The copy you give must match the records exactly, except that it holds no images.

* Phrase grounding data
========
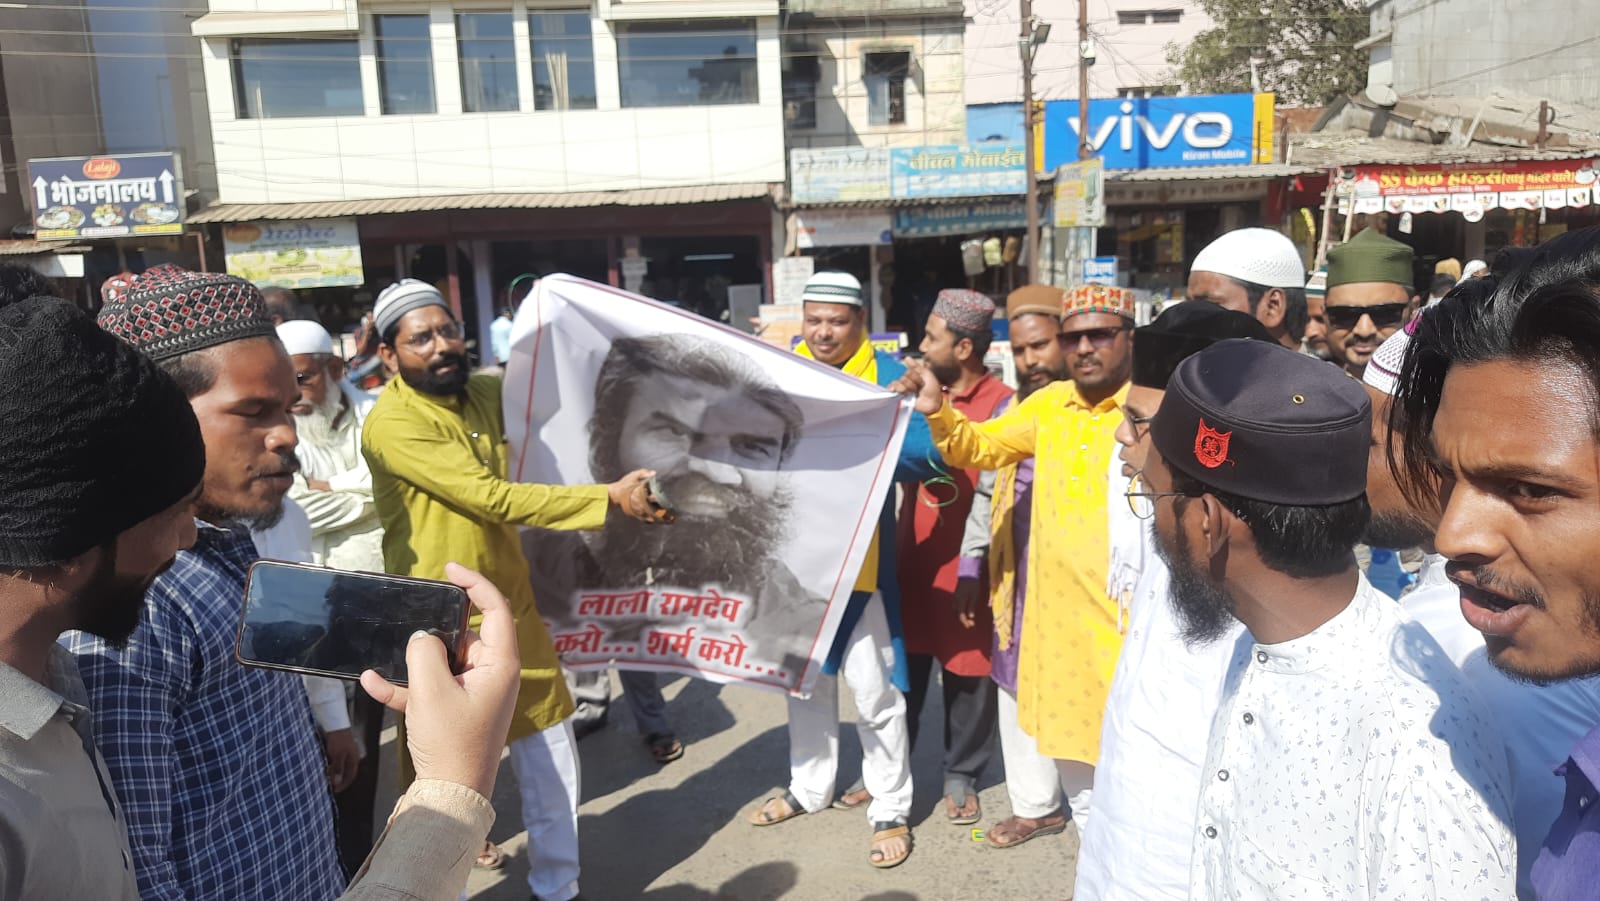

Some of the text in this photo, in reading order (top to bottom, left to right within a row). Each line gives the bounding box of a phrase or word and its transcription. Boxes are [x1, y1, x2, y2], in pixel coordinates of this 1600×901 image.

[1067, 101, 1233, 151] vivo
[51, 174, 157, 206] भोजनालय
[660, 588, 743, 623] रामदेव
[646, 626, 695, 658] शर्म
========
* Task solution
Some of the text in this photo, in reading order (top to bottom, left to right within a row). Each line gives the bounding box of a phrase or word and its transcription. Boxes are [x1, y1, x2, y2], in pixel coordinates of this 1600×901 image.

[1067, 101, 1233, 151] vivo
[51, 174, 157, 206] भोजनालय
[660, 588, 743, 623] रामदेव
[646, 626, 695, 658] शर्म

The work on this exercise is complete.